Google maps locator: [18.4717, -69.8881]
  
  
Access and costs: Easy to find and not expensive. 
  
Details: the location right in the old Colonial Zone of Santo Domingo, just one block from the main pedestrianized thoroughfare El Condo, which makes it easy to walk to the museum from within this most touristy area of the city. If you're coming from outside the Colonial Zone, it's best to get a taxi.
  
Opening times: Tuesday to Sunday 9:30 a.m. to 6 p.m.
  
Admission: foreign adults 150 RD$ (locals 100RD$, children and seniors 50 RD$, students 25RD$).
  
Rental of an audio guides in English costs 40 RD$ 
  
  
Time required: depends very much on whether or not you know Spanish well enough to read the many info panels and watch the video material. If you do, you can probably spend several hours in here.
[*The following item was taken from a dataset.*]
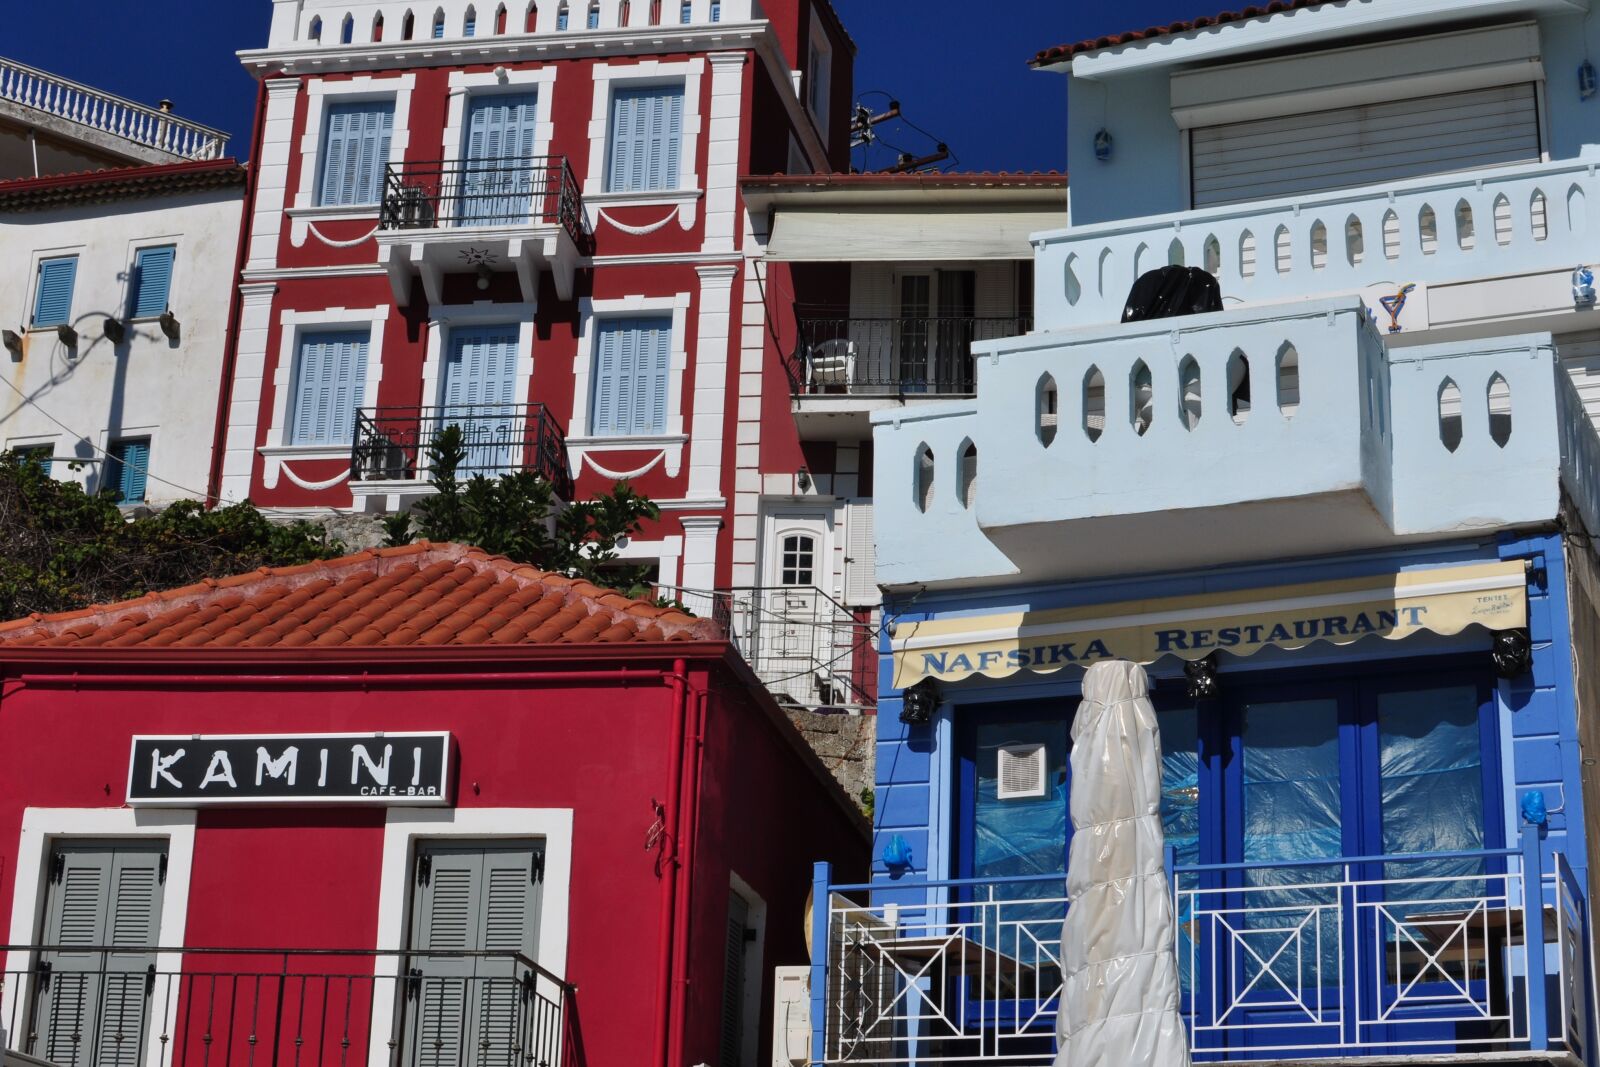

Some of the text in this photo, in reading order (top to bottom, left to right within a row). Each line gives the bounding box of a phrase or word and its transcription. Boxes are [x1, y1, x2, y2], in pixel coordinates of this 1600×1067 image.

[921, 606, 1428, 675] NAFSIKA RESTAURANT
[150, 743, 422, 790] KAMINI
[360, 786, 436, 796] CAFE-BAR
If you have to rely on the English audio guide alone (if you can get it to work), then about an hour will be enough.
  
  
Combinations with other dark destinations: see Santo Domingo and Dominican Republic in general.  
  
  
Combinations with non-dark destinations: being located in the heart of the Colonial Zone the museum is very close to most tourist points of interests in this city – see under Santo Domingo.